Photo by Peter Gannushkin

  1. What is your greatest joy in improvised music?

    Perceiving the music as it flows past in time, feeling connected, whatever that may consist of in context.

  2. What quality do you most admire in the musicians you perform with?

    I value most when musicians exhibit singular focus, resulting from intense and continued study, to achieve something new.

  3. Which historical musician/composer do you admire the most?

    Way too many. Xenakis, Cecil Taylor, Zappa, Miles. Bach, Chopin, Scriabin. Duke Ellington. Morton Feldman. Monk. Stravinsky. Sun Ra. Also, deep admiration is probably a prerequisite when voluntarily studying someone. Herbie Hancock and Keith Jarrett. Andrew Hill.

  4. If you could resurrect a musician to perform with, who would it be?

    I’d rather frame it as getting to play with them when they were still alive but I’m “still me”. Eric Dolphy, Sam Rivers, Joe Henderson, Tony Williams, Tony Oxley. Richard Davis, Gary Peacock. Derek Bailey would have been a hoot. I feel like I’d have done well in Zappa’s band. Wayne Shorter is probably an obvious choice but he was never less than goosebumps-inducing and being in the midst of that would have been something.

  5. What would you still like to achieve musically in your life?

    Lots of things - continuing the search for new forms and sounds, maximizing what is possible for me to do in my waking hours.

  6. Are you interested in popular music and - if yes - what music/artist do you particularly like?

    Music often doesn’t do well when money dictates the content even a tiny bit, which in one sense is the definition of pop music - music where financial viability is part of the goal. But there is tons of pop/rock/soul/ music from the 60s to the present which I love. Metal and punk probably count as a special case since they originally had their popular/populist elements but continue today in the more underground sense, which is where most exploration of new things occurs. But creatively done music in these all these veins abounds and always has. Today’s actual *pop music* is mostly dire, though.

    I’d say Prince is an artist who was pretty expert at being supremely popular and incredibly creative for a very long time. I love his music.

  7. If you could change one thing about yourself, what would it be?

    An achievable thing, like “self-improvement”, or science fiction level? It would be really cool have scores and recordings of the music I hear in my dreams, which is of course always music that my brain is improvising but doesn’t exist in waking life.
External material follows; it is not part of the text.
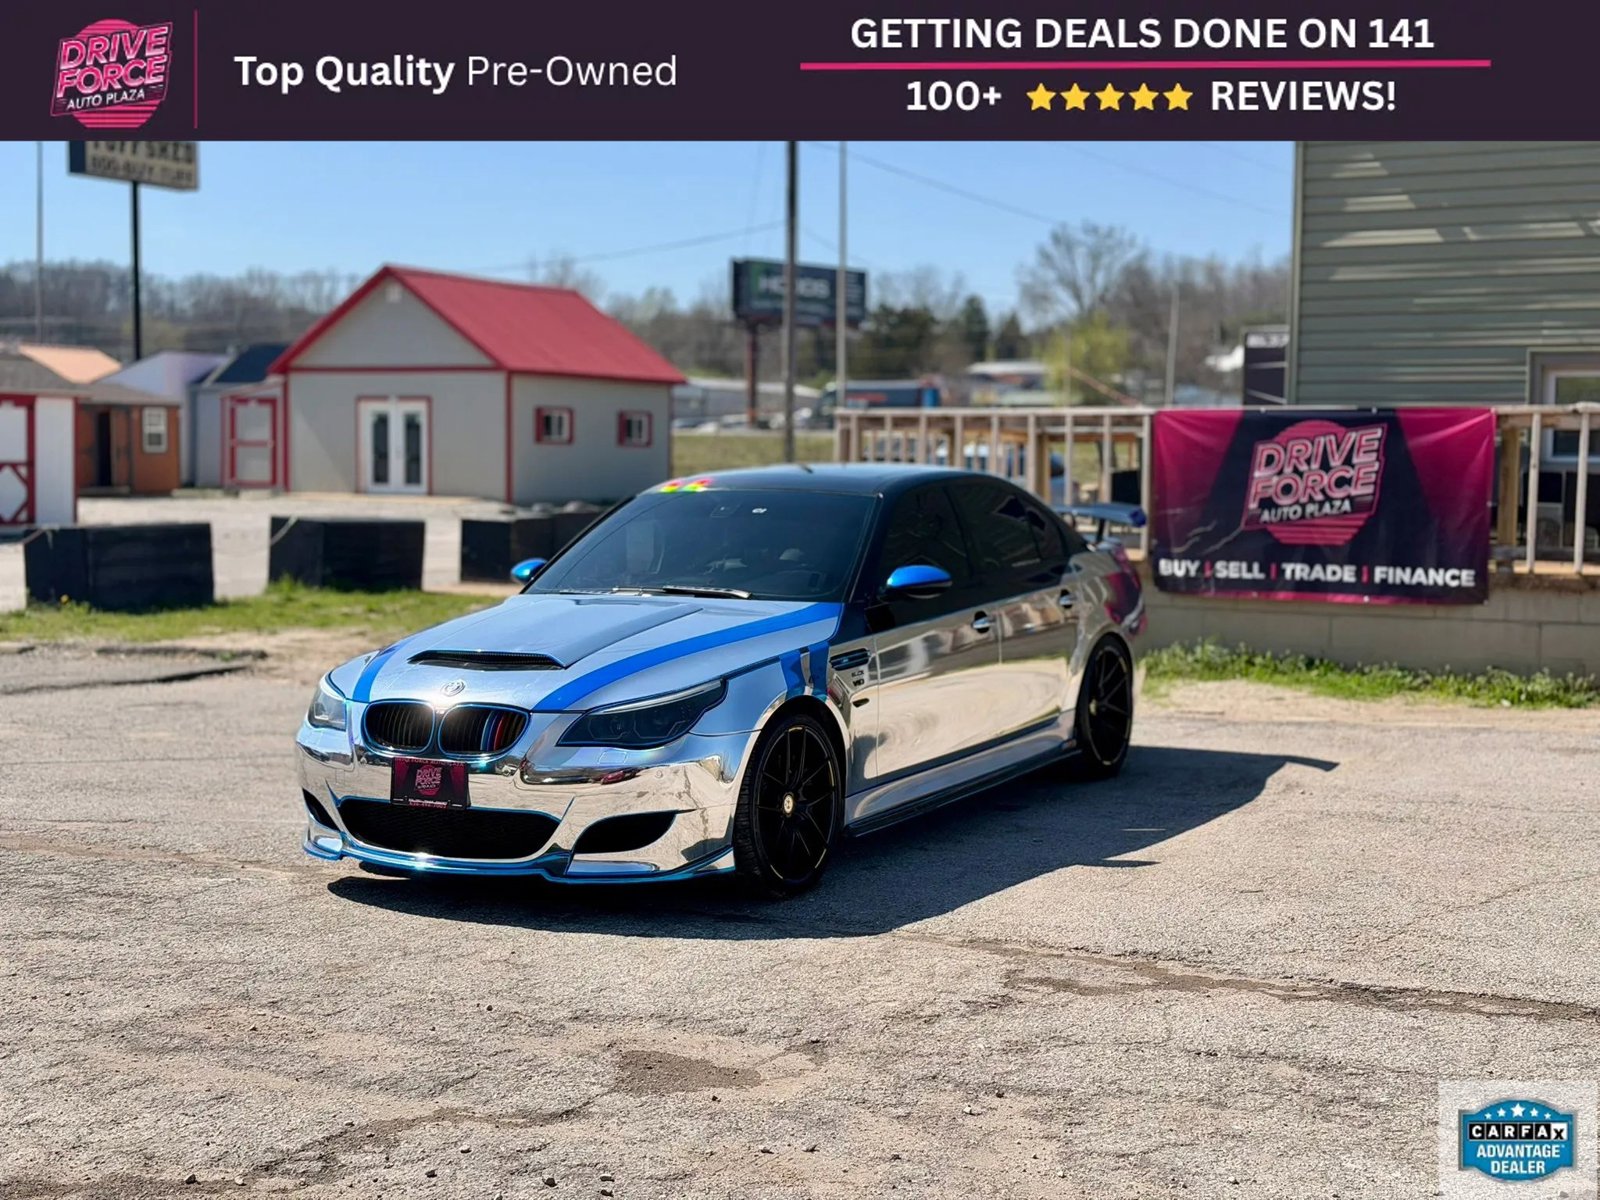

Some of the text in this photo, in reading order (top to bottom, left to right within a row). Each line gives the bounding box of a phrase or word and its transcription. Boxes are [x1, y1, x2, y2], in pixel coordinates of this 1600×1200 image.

Usually this is unbelievably involved music that is untranscribable. Of course sometimes dream music is really stupid too.
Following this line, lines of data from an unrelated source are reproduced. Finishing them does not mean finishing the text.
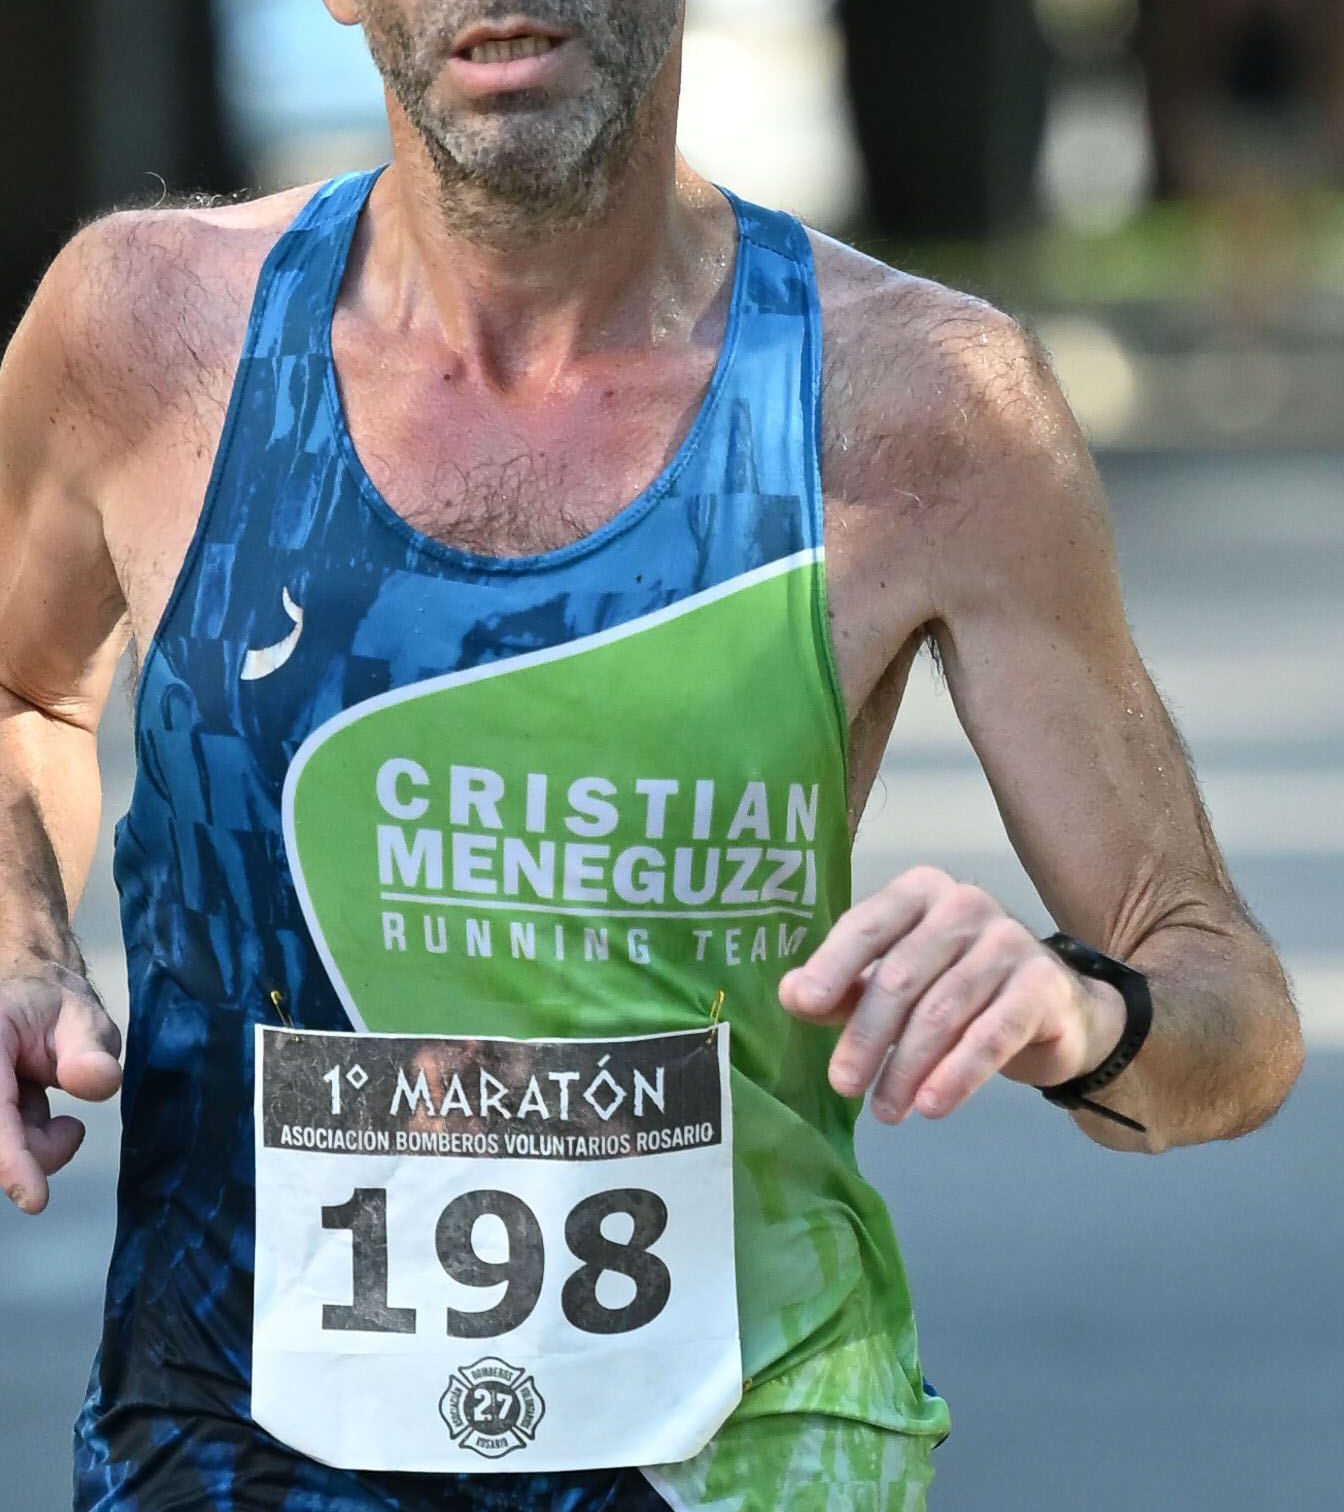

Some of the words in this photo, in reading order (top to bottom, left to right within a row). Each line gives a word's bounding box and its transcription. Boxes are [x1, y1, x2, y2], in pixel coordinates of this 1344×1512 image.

[375, 757, 819, 843] CRISTIAN
[375, 824, 817, 906] MENEGUZZI
[382, 911, 651, 965] RUNNING
[692, 922, 808, 966] TEAM
[388, 1054, 666, 1121] MARATÓN
[280, 1124, 390, 1152] ASOCIACIÓN
[396, 1130, 499, 1155] BOMBEROS
[505, 1129, 631, 1156] VOLUNTARIOS
[636, 1122, 715, 1152] ROSARIO
[321, 1187, 672, 1339] 198
[474, 1389, 512, 1421] 27
  8. Which of your albums are you most proud of?

    I am very proud of every single one of my records as a leader or co-leader, they all have achieved exactly what I hoped they would, in the macro- and micro- sense.

    That said, my I am exceedingly happy with my upcoming solo piano album Illimitable.

  9. Once an album of yours is released, do you still listen to it? And how often?

    I do, but not often. I’ll “check in” with an older album a little just to see how I still feel about this track or that.

  10. Which album (from any musician) have you listened to the most in your life?

    Really tough to say, this goes back to when I was 12. Probably something between these albums. These are albums that I feel a sort of “total recall” with when I hear them again, and they are all still complete masterpieces.

    Miles - Nefertiti, In a Silent Way, Bitches Brew
    Eric Dolphy - Out to Lunch
    Herbie Hancock - Thrust, Maiden Voyage, The Prisoner
    Jimi Hendrix - Axis, Bold as Love
    Keith Jarrett - Facing You
    Weather Report - Black Market, Heavy Weather, I Sing the Body Electric
    Stevie Wonder - Innervisions, Songs in the Key of Life
    Yes - Relayer

  11. What are you listening to at the moment?
    Sun City Girls, Gorge Trio, Angelwings Marmalade, Encenathrakh, Effluence, Vibrations Felt in the Void, Contagious Orgasm, Roland Kayn, David Lee Myers, Jim O’Rourke’s Steamroom series, Grant Evans, Chris Weisman.

  12. What artist outside music inspires you?

    John Ashbery, A.R. Ammons, Clark Coolidge, Wallace Stevens, Pynchon, Nabokov, Beckett, Donald Barthelme, James Joyce, Joyce Carol Oates, Thomas Ligotti, Laird Barron, Michael Cisco, Brian Evenson, Matthew Bartlett. Chris Onstad/Achewood.

Articles with Matt Mitchell on the Free Jazz Blog:

3 comments:

A.K. said...

One of my favorite musicians. And interesting, comprehensive, informative answers — better than the answers of most other interviewees. Thanks!

Matt Mitchell said...

Appreciate it, A.K.

Meant to include David Lynch in the number 12 answer. Probably lots more directors and comedians too.

Also re the number 10 answer, Jimi/Axis and the Stevie albums actually go back to when I was

Matt Mitchell said...

When I was 2 years old, I meant to say!